人間の心理

心理学から紐解く人の心理

「ストレスと老化について」

<ある研究結果によると>

ストレスで進んだ老化は休息で元に戻す事が出来る。
例えば、ストレスの多い時期を経験し、客観的に自分がどれだけ老けて見えるかを考えるとする。

ある学術誌に掲載された研究結果がもしかすると自分の事のように感じるかも知れない。

この研究結果には良いニュースも含まれており、 ストレスが老化を促進することが確認された一方で、ストレスからの回復で老化を戻す事が出来る事も示されている。

この研究はハーバード・メディカル・スクールやデューク大学など多くの学校の研究者が共同で行った。

研究者らは論文の中で我々が得たデータは生物学的年齢の上下するという性質を明らかにしている。

ストレスは生物学的年齢の急激な上昇を引き起こす場合があり、同時にこの上昇をなかった事にも出来るとしている。

研究は実際の年齢と生物学的年齢は必ずしも同一ではないことを前提としており、例えば、極めて健康的な生活を送っている40歳の人の体は35歳あるいは30歳の人のように機能しているかも知れないという事。

つまり、この人の生物学的年齢は年齢より若い。

従って、あまり健康的でない人生を送ってきた人はその逆となる。

<明らかにしたかった内容>

ストレスが身体を老化させる事は良く知られているが、今回の研究で研究者らが明らかにしたかったのは、ストレスが多い出来事を経験した後の回復期間が老化を逆転させる事が可能なのかという疑問だ。
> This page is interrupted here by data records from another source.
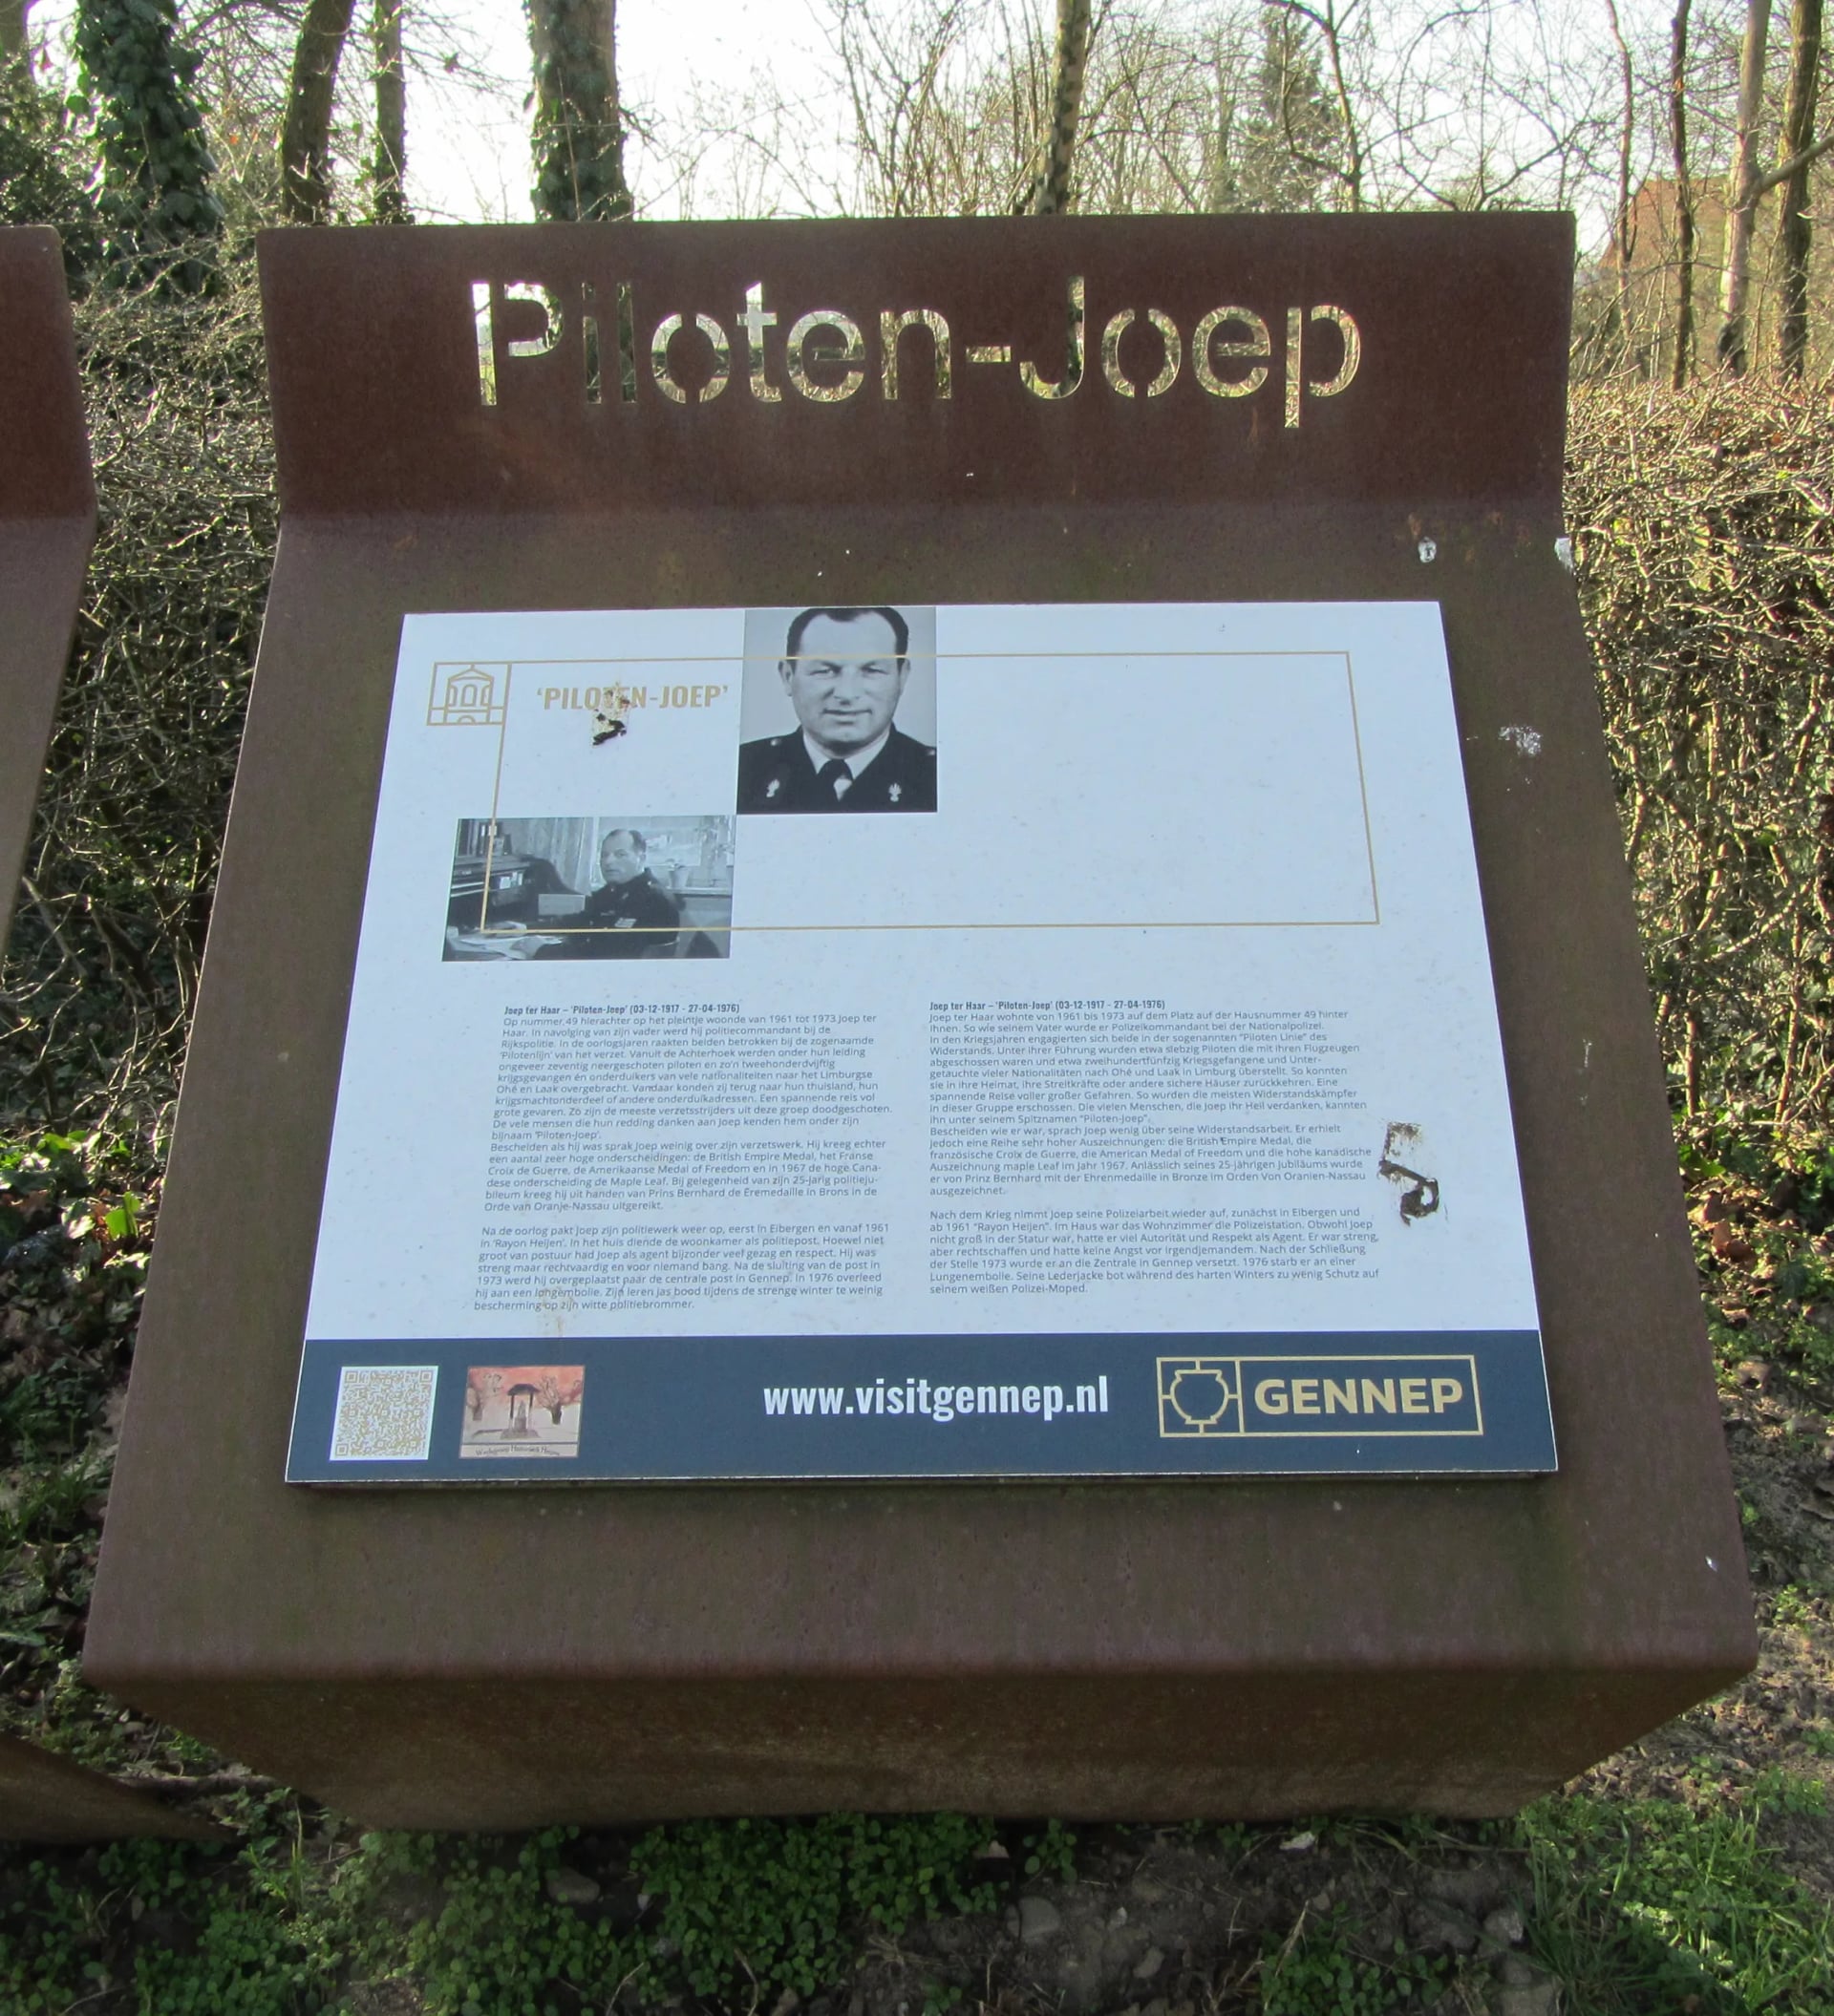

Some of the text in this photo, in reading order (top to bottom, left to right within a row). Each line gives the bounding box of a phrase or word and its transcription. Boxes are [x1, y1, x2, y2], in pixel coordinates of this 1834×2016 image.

[472, 276, 1360, 428] Piloten-Joep
[503, 1005, 523, 1016] Joep
[525, 1005, 538, 1014] ter
[540, 1005, 560, 1014] Haar
[929, 1001, 949, 1011] Joep
[950, 1001, 963, 1010] ter
[965, 1000, 986, 1009] Haar
[963, 1023, 975, 1032] So
[977, 1023, 995, 1032] wie
[997, 1023, 1034, 1032] seinem
[1035, 1022, 1062, 1031] Vater
[1064, 1022, 1096, 1031] wurde
[1111, 1021, 1209, 1031] Polizeikommandant
[1211, 1021, 1226, 1030] bei
[1228, 1021, 1246, 1030] der
[559, 1038, 568, 1048] In
[571, 1038, 584, 1048] de
[586, 1037, 649, 1050] oorlogsjaren
[650, 1037, 689, 1047] raakten
[691, 1037, 725, 1047] beiden
[727, 1036, 778, 1046] betrokken
[780, 1036, 793, 1048] bij
[795, 1036, 808, 1046] de
[810, 1035, 874, 1048] zogenaamde
[498, 1063, 544, 1072] ongeveer
[546, 1061, 588, 1072] zeventig
[590, 1060, 664, 1072] neergeschoten
[667, 1060, 701, 1072] piloten
[741, 1058, 835, 1071] tweehonderdvijftig
[929, 1056, 999, 1069] abgeschossen
[1035, 1056, 1056, 1066] und
[1057, 1057, 1081, 1066] etwa
[1084, 1055, 1181, 1068] zweihundertfünfzig
[1183, 1055, 1265, 1067] Kriegsgefangene
[1267, 1054, 1287, 1064] und
[498, 1072, 571, 1084] krijgsgevangen
[573, 1072, 586, 1081] én
[588, 1072, 655, 1081] onderduikers
[678, 1071, 698, 1080] vele
[701, 1071, 773, 1080] nationaliteiten
[800, 1070, 818, 1079] het
[820, 1070, 872, 1081] Limburgse
[495, 1094, 604, 1107] krijgsmachtonderdeel
[606, 1094, 618, 1104] of
[618, 1094, 654, 1104] andere
[759, 1093, 778, 1103] Een
[780, 1093, 837, 1105] spannende
[839, 1093, 858, 1102] reis
[860, 1093, 875, 1102] vol
[929, 1091, 986, 1103] spannende
[988, 1091, 1015, 1100] Reise
[1016, 1091, 1045, 1100] voller
[1047, 1091, 1081, 1102] großer
[1136, 1090, 1149, 1099] So
[1150, 1090, 1190, 1099] wurden
[1192, 1090, 1207, 1099] die
[1210, 1090, 1250, 1099] meisten
[1252, 1089, 1356, 1101] Widerstandskämpfer
[510, 1154, 542, 1163] aantal
[568, 1153, 594, 1164] hoge
[693, 1152, 706, 1161] de
[709, 1152, 741, 1161] British
[744, 1152, 779, 1163] Empire
[819, 1151, 836, 1160] het
[839, 1151, 873, 1160] Franse
[929, 1150, 993, 1159] französische
[995, 1150, 1022, 1158] Croix
[1024, 1149, 1037, 1158] de
[1080, 1149, 1097, 1158] die
[1099, 1149, 1147, 1158] American
[1150, 1148, 1182, 1157] Medal
[1184, 1148, 1195, 1157] of
[1197, 1148, 1243, 1157] Freedom
[1245, 1148, 1266, 1157] und
[1268, 1148, 1283, 1157] die
[1286, 1148, 1312, 1157] hohe
[1314, 1147, 1372, 1157] kanadische
[929, 1246, 953, 1256] aber
[956, 1246, 1027, 1256] rechtschaffen
[1030, 1246, 1050, 1256] und
[1053, 1246, 1080, 1255] hatte
[1082, 1245, 1111, 1255] keine
[1113, 1245, 1142, 1257] Angst
[1259, 1244, 1286, 1254] Nach
[1289, 1244, 1306, 1254] der
[1309, 1244, 1366, 1256] Schließung
[478, 1263, 511, 1275] streng
[544, 1263, 608, 1274] rechtvaardig
[652, 1262, 699, 1271] niemand
[734, 1261, 748, 1270] Na
[751, 1261, 764, 1270] de
[766, 1261, 804, 1272] sluiting
[828, 1261, 842, 1270] de
[844, 1261, 867, 1272] post
[870, 1260, 880, 1269] in
[1015, 1271, 1045, 1281] Seine
[1047, 1270, 1103, 1283] Lederjacke
[1105, 1270, 1124, 1280] bot
[1126, 1270, 1173, 1280] während
[1175, 1270, 1194, 1280] des
[1196, 1270, 1231, 1279] harten
[1233, 1269, 1274, 1279] Winters
[1290, 1269, 1323, 1281] wenig
[1325, 1269, 1359, 1279] Schutz
[1362, 1269, 1379, 1278] auf
[929, 1284, 968, 1294] seinem
[970, 1284, 1008, 1294] weißen
[473, 1301, 542, 1312] bescherming
[542, 1303, 558, 1312] op
[560, 1300, 579, 1311] zijn
[581, 1300, 607, 1309] witte
[764, 1375, 1108, 1421] www.visitgennep.nl
[1254, 1378, 1462, 1414] GENNEP
研究チームは生物学的年齢を測定するために、状況に応じて遺伝子発現がどう変化するかを捉える事で生物学的年齢を推定する比較的新しいツールを使用。

様々なストレスがある状況、時には奇妙な状況でマウスとヒトの生物学的年齢も測定した。

その結果、生物学的老化は例えば大手術、新型コロナウイルス感染症の重症化、あるいは妊娠といったストレスのかかる状況で進む事が何回も確認された。

又、ストレスが多い出来事が終わった後は、老化が数カ月又は数日の単位で部分的或いは完全に戻る事も分かった。
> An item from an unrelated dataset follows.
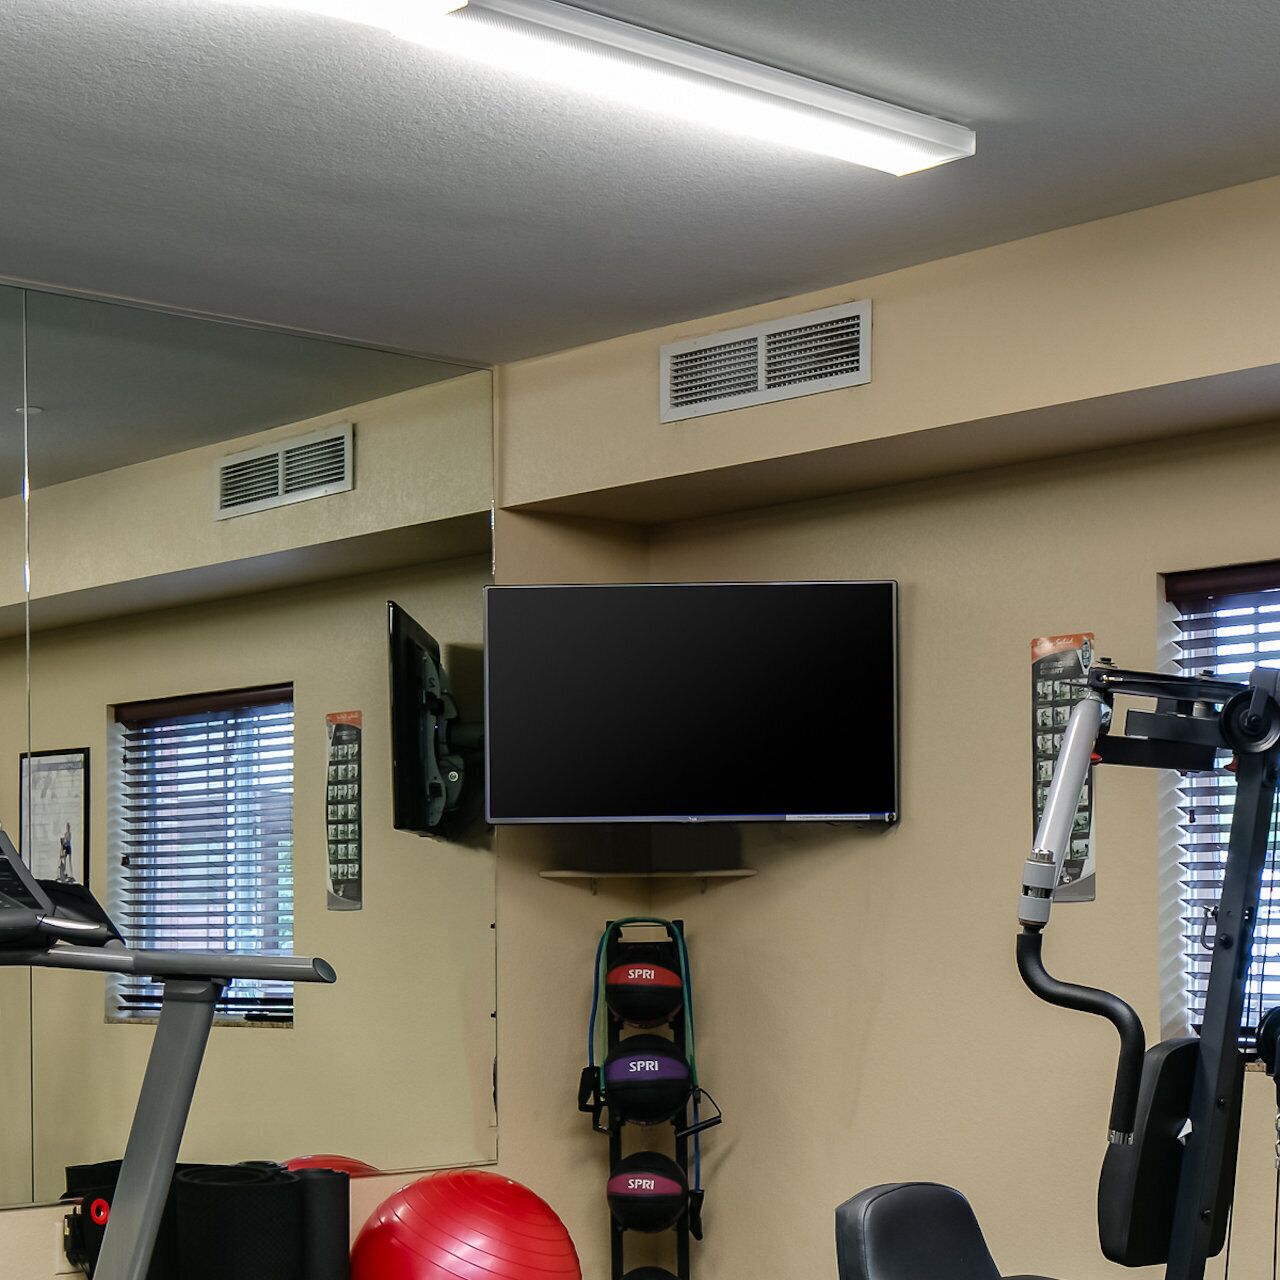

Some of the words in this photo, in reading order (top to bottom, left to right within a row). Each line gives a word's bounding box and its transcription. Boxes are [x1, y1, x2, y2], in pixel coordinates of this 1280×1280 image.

[628, 969, 655, 980] SPRI
[628, 1060, 659, 1072] SPRI
[627, 1178, 655, 1190] SPRI
研究の過程で明らかになったのは、ストレスに晒されると生物学的年齢が上がるというパターンだという。

研究者らは論文に書いている、ストレスが無くなると生物学的年齢は完全に或いは部分的に戻る事が出来るとも指摘している。

<興味深い発見が1つある>

コロナに感染して重症化し、その後回復した人々では抗炎症薬が生物学的年齢の回復にかかる時間の短縮に関係していた。
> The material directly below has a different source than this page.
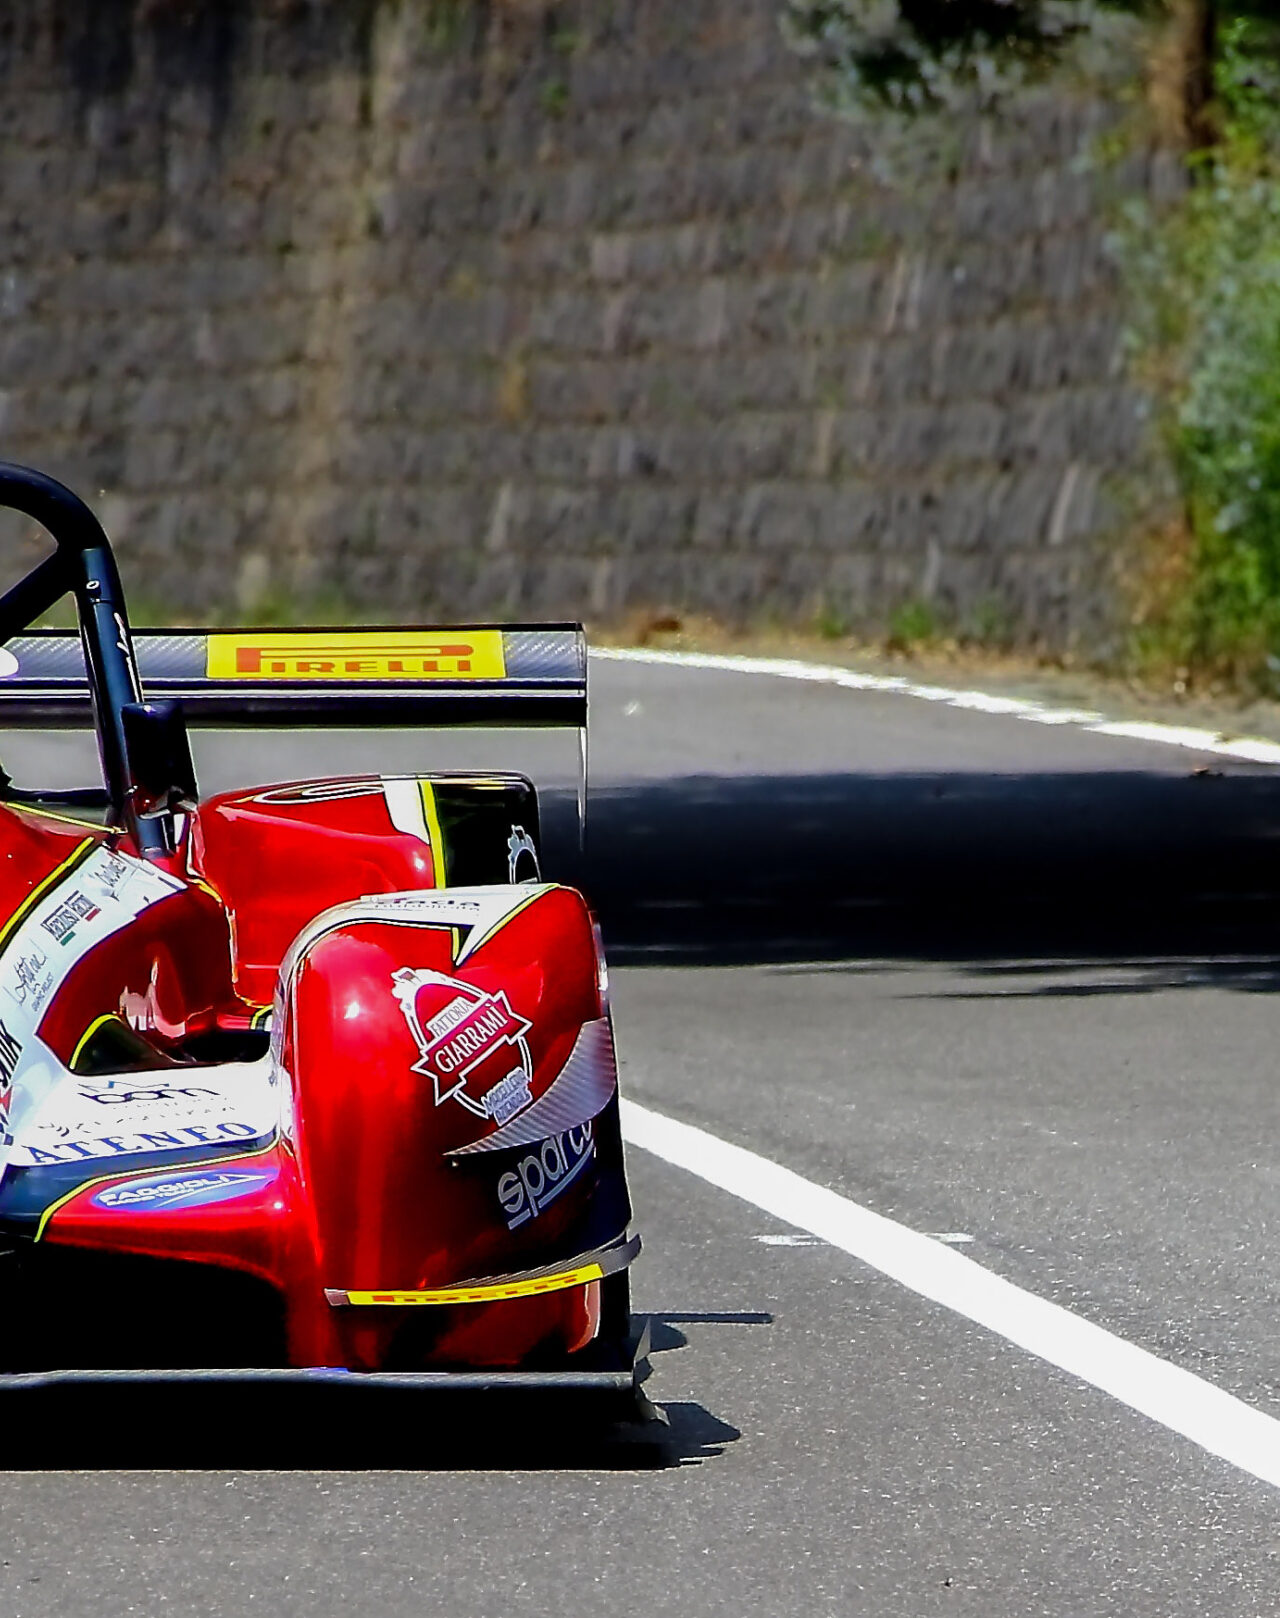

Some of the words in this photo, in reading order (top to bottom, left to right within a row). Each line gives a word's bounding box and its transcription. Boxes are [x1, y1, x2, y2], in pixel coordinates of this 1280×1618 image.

[236, 644, 474, 673] PIRELLI
[430, 998, 475, 1038] FATTORIA
[20, 1122, 259, 1163] ATENEO
これは他の発見と合わせて、アンチエイジング薬の様な治療による介入というアプローチを研究者らに示唆する事になった。

老化しても戻せるため、この事は生物学的年齢の上昇を元に戻すために本来備わっているメカニズムの存在と、一過性の生物学的年齢の上昇を治療で戻す機会の両方を示唆しているという。

<まとめ>

研究チームは、短期的な老化と回復のパターンが長期的な老化に影響するのかどうかなどは明らかではないとし、今回実施した研究にも限界があることを指摘している。

その答えを得るためにはさらなる研究が必要で、その一方で、この研究はとりわけストレスの多い時期を過ごした後のやつれた表情や感情が永遠に続くわけではない事を示唆していると言えそうだ。

老化から回復するために時間をとって休息するという心掛けをする事が大事だと言えるだろう。